*** Block opens ***
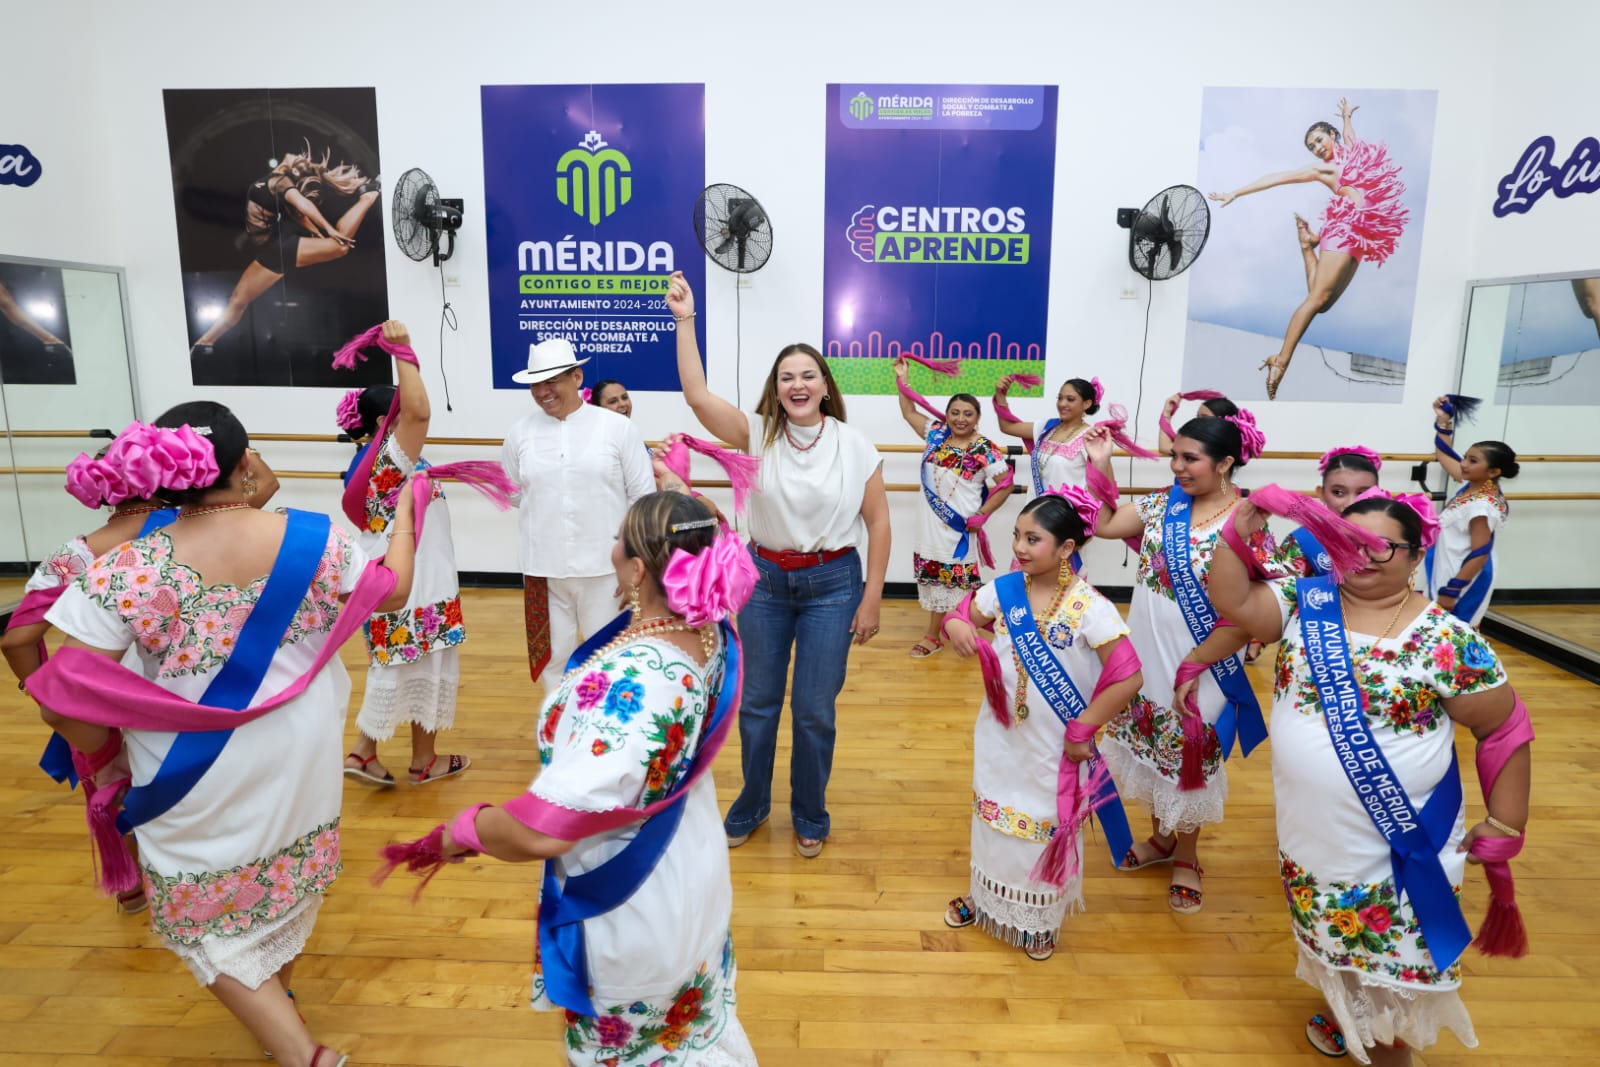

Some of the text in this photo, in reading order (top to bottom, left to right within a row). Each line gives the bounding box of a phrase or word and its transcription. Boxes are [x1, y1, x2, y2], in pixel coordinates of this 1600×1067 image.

[878, 94, 933, 108] MÉRIDA
[877, 206, 1025, 233] CENTROS
[518, 234, 674, 271] MÉRIDA
[879, 237, 1023, 262] APRENDE
[524, 279, 669, 292] CONTIGO ES MEJOR
[520, 300, 670, 310] AYUNTAMIENTO 2024-202
[520, 318, 676, 331] DIRECCIÓN DE DESARROLLO
[537, 332, 658, 342] SOCIAL Y COMBATE A
[580, 343, 632, 353] POBREZA
[1165, 522, 1176, 571] DIRECCIÓN
[1171, 572, 1180, 585] DE
[1176, 587, 1206, 643] DESARROLL
[1175, 522, 1216, 632] AYUNTAMIENTO DE
[1015, 635, 1059, 702] DIRECCIÓN DE
[1024, 631, 1085, 714] AYUNTAMIENT
[1305, 621, 1396, 840] DIRECCIÓN DE DESARROLLO SOCIAL
[1322, 621, 1418, 833] AYUNTAMIENTO DE MÉRIDA
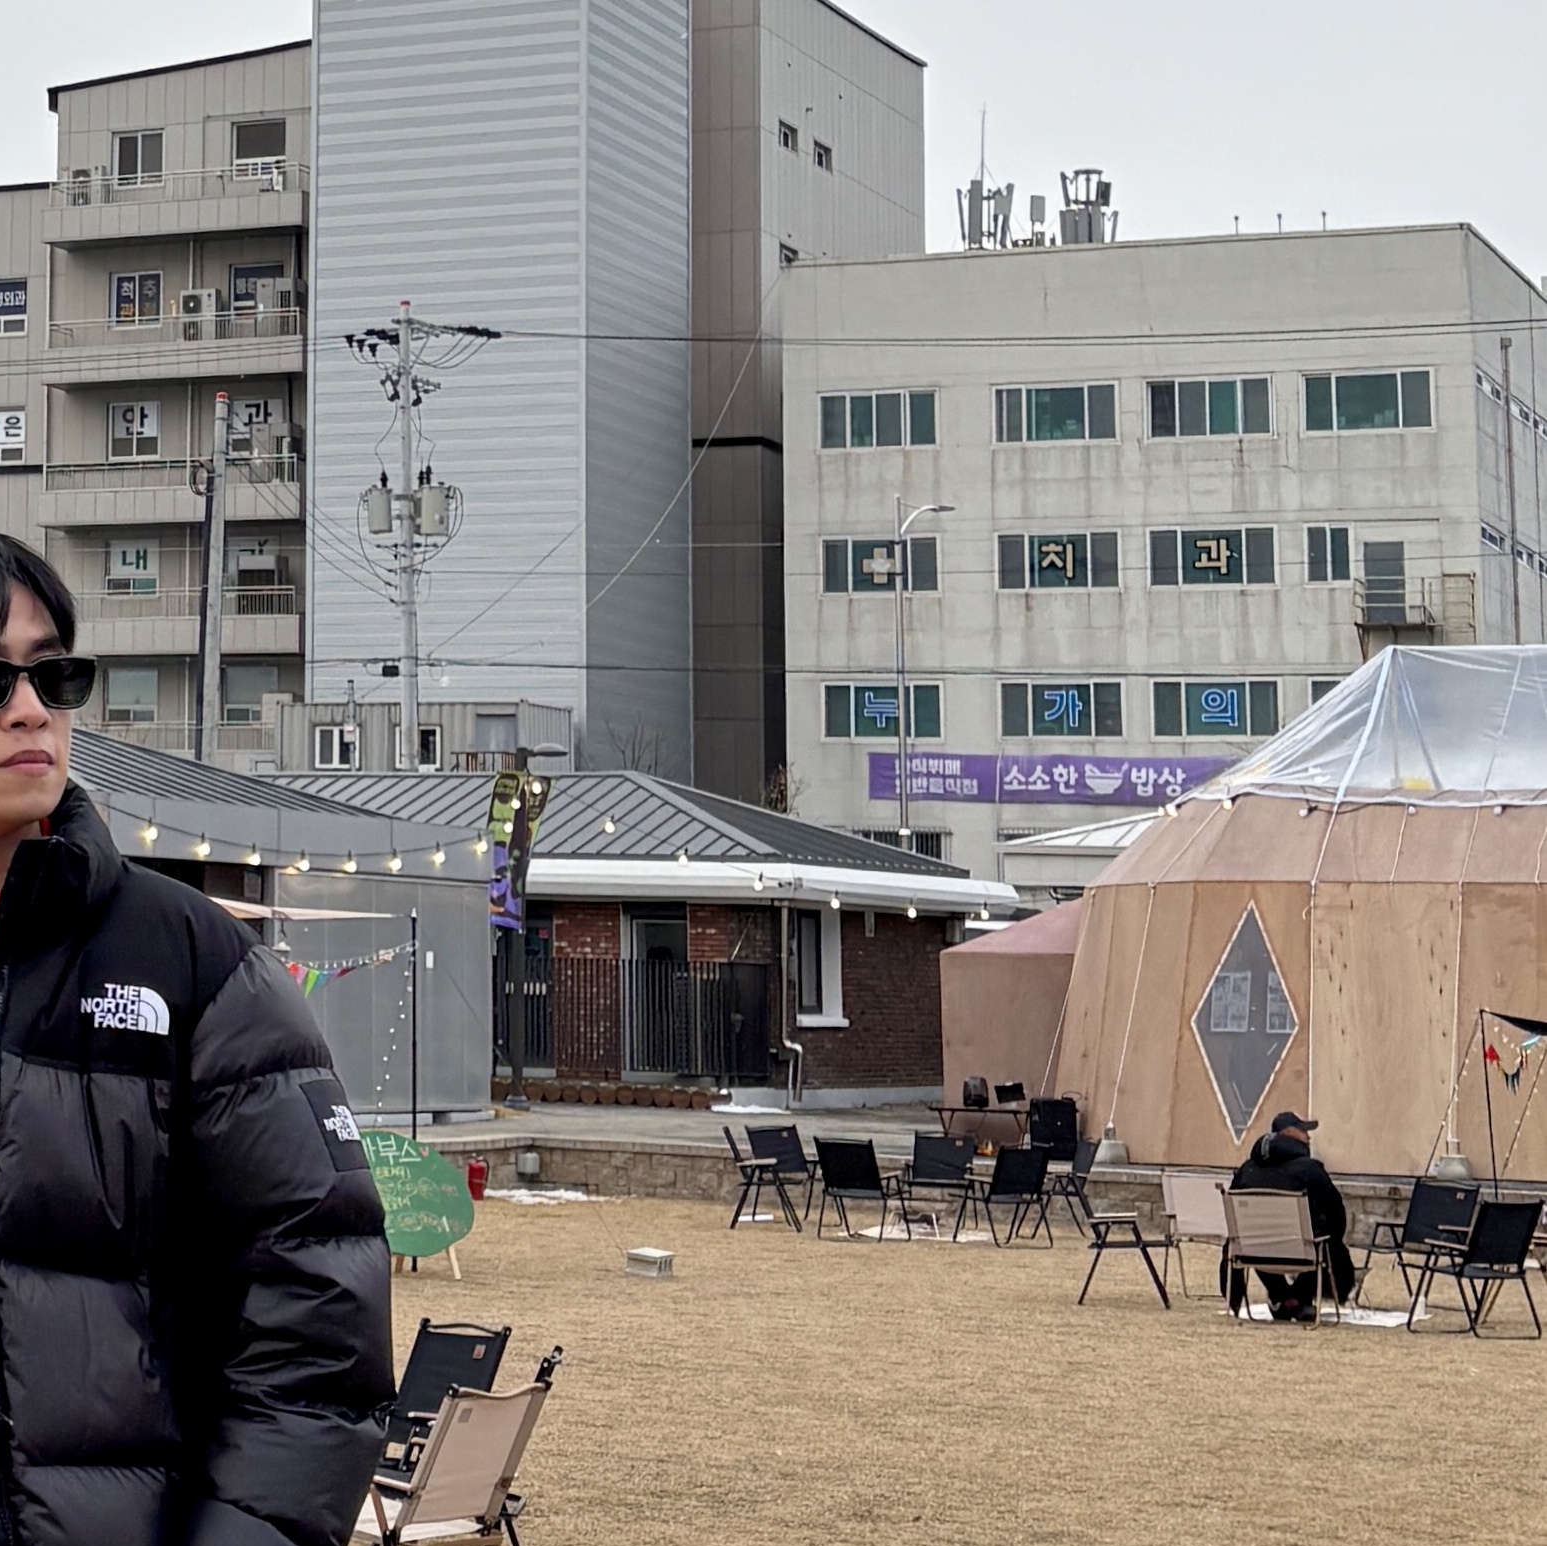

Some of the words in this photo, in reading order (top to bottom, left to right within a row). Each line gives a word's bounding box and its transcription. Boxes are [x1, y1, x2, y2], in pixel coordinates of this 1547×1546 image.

[122, 405, 148, 436] 안
[243, 400, 273, 427] 과
[1039, 542, 1074, 579] 치
[1194, 537, 1233, 576] 과
[862, 691, 900, 729] 누
[1043, 689, 1083, 728] 가
[1200, 687, 1239, 727] 의
[1004, 763, 1079, 794] 소소한
[1130, 764, 1187, 797] 밥상
[80, 997, 138, 1015] NORTH
[103, 982, 141, 1001] THE
[94, 1011, 138, 1031] FACE
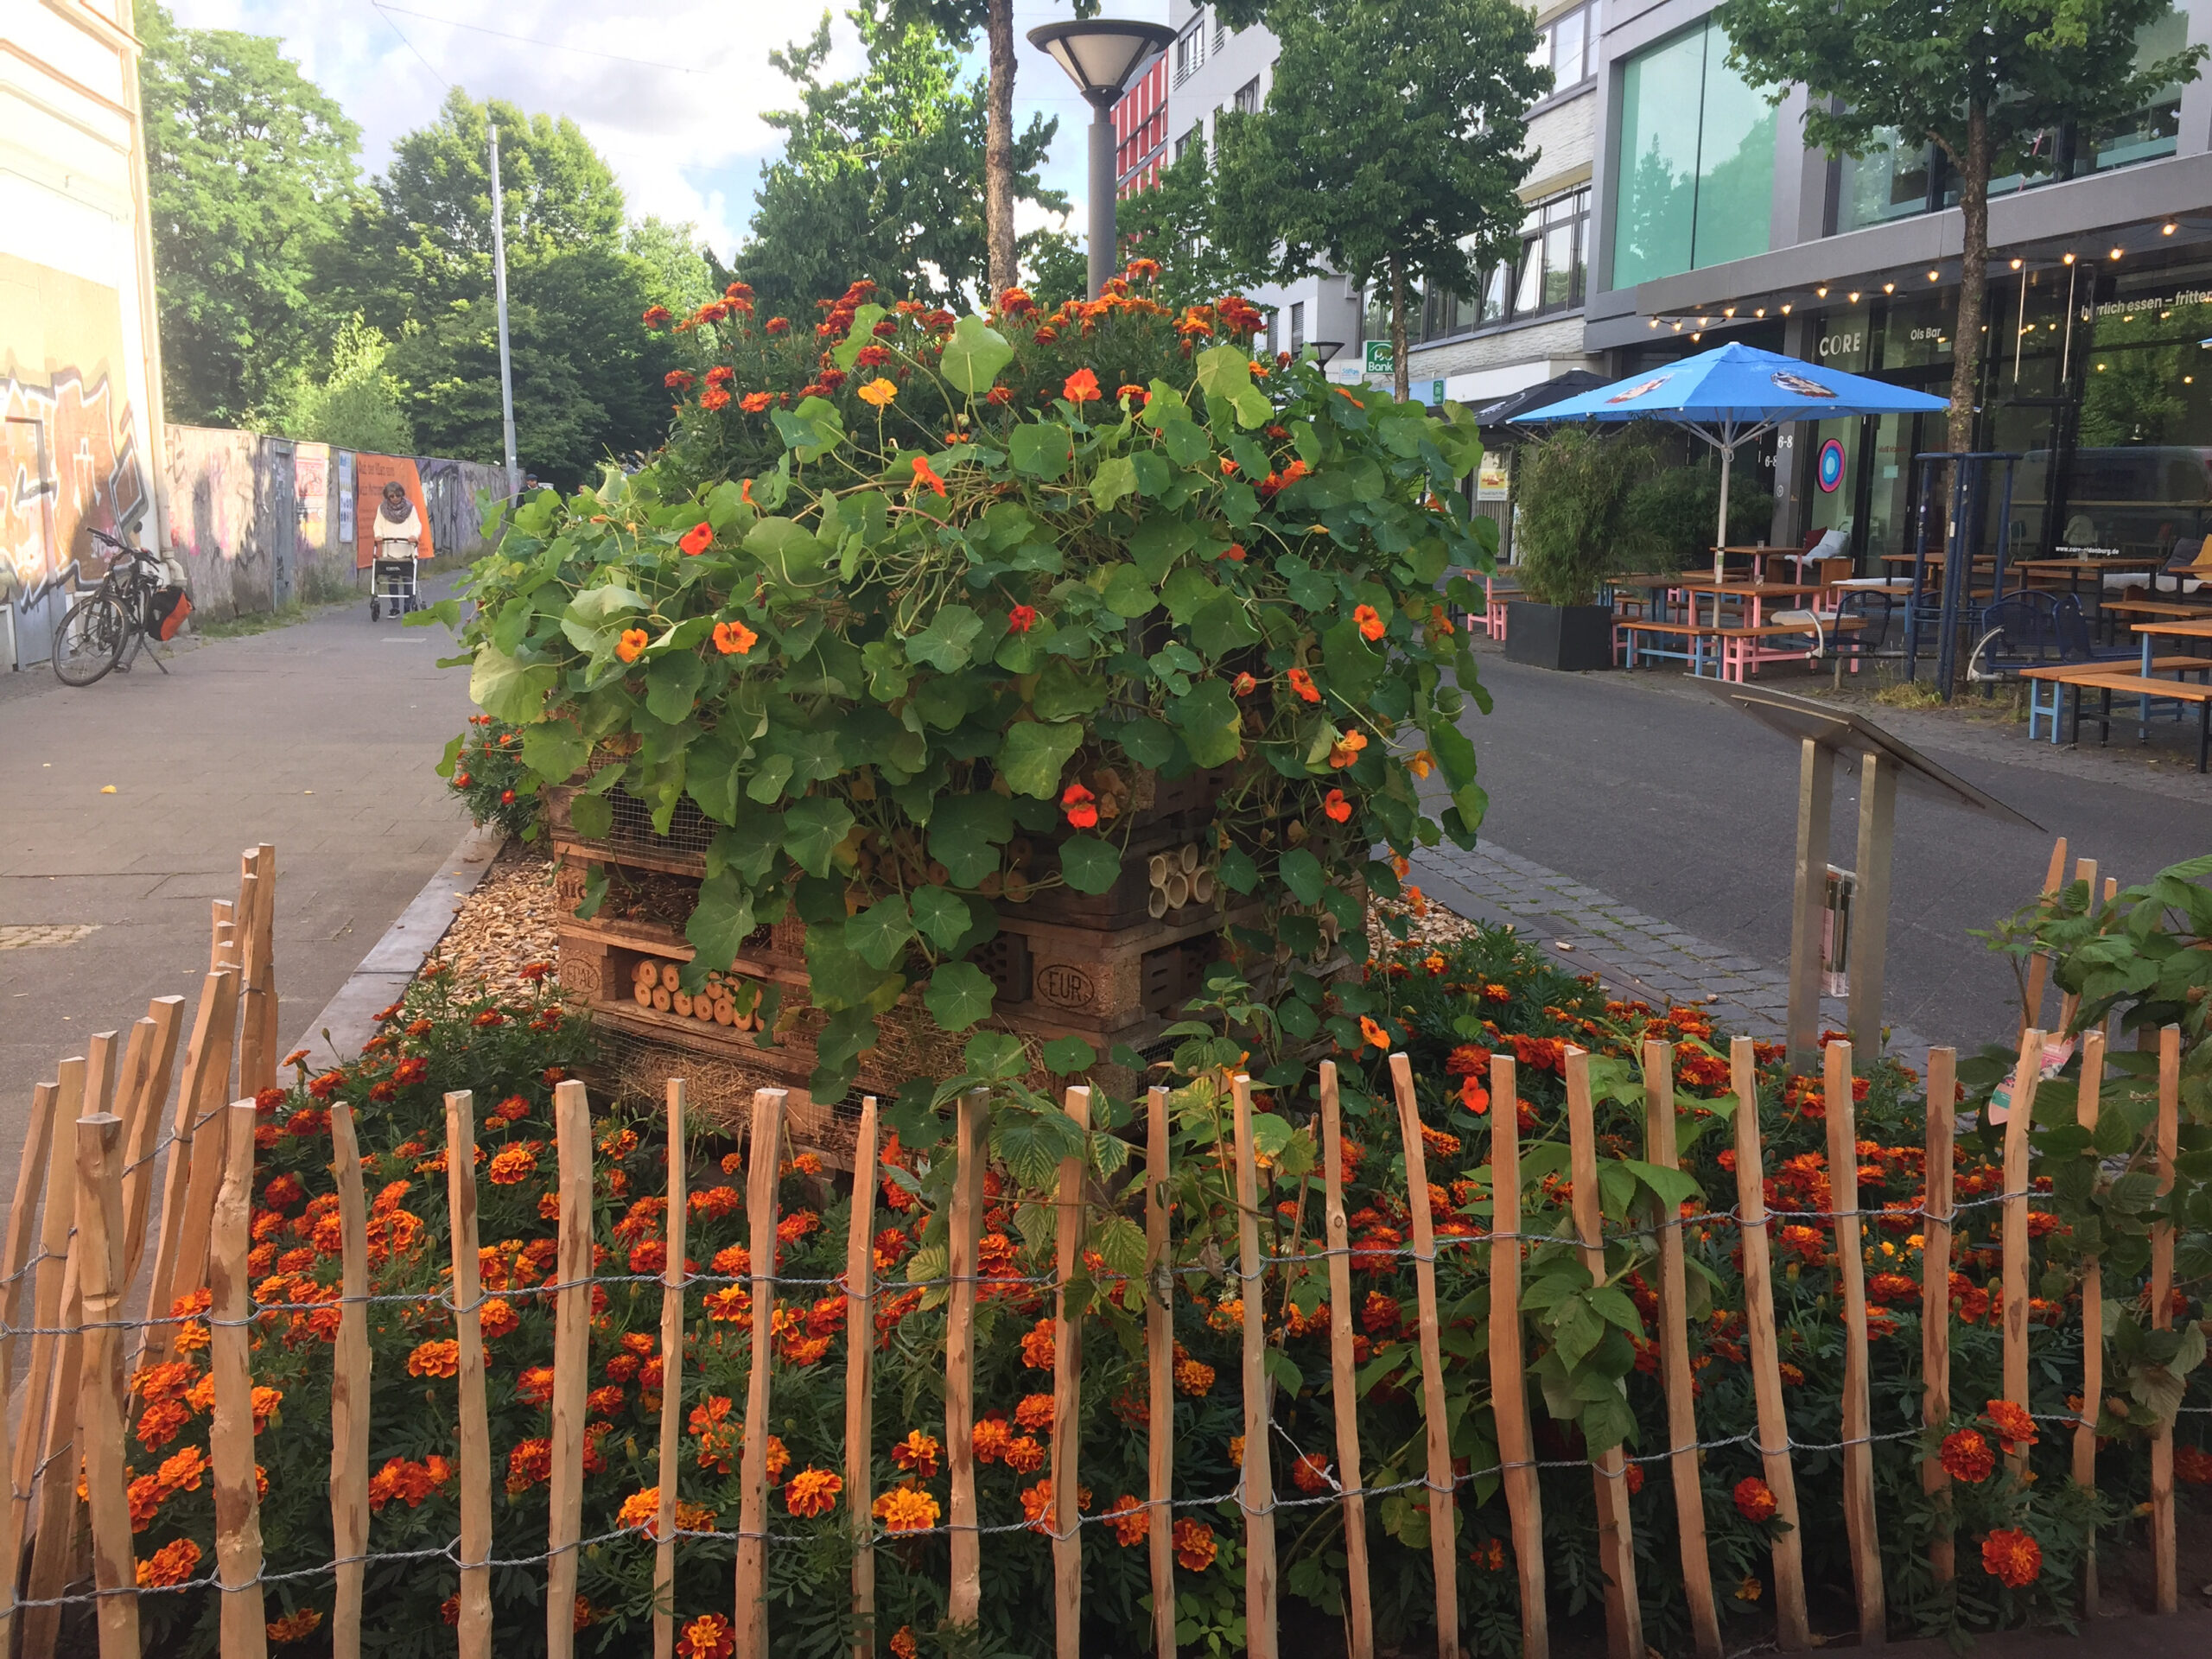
*** Block closes ***
> Goal of the exercise
Begin at the line containing "Some of the words" and transcribe exactly every line through the end of the records, both ends included, leaving the pictures out.

> Problem solution
Some of the words in this photo, in reading order (top to bottom, left to right within a row). Each line gives a word's bounding box and its transcription. Boxes are [x1, y1, x2, y2], in pixel coordinates of this 1547×1546 image.

[122, 405, 148, 436] 안
[243, 400, 273, 427] 과
[1039, 542, 1074, 579] 치
[1194, 537, 1233, 576] 과
[862, 691, 900, 729] 누
[1043, 689, 1083, 728] 가
[1200, 687, 1239, 727] 의
[1004, 763, 1079, 794] 소소한
[1130, 764, 1187, 797] 밥상
[80, 997, 138, 1015] NORTH
[103, 982, 141, 1001] THE
[94, 1011, 138, 1031] FACE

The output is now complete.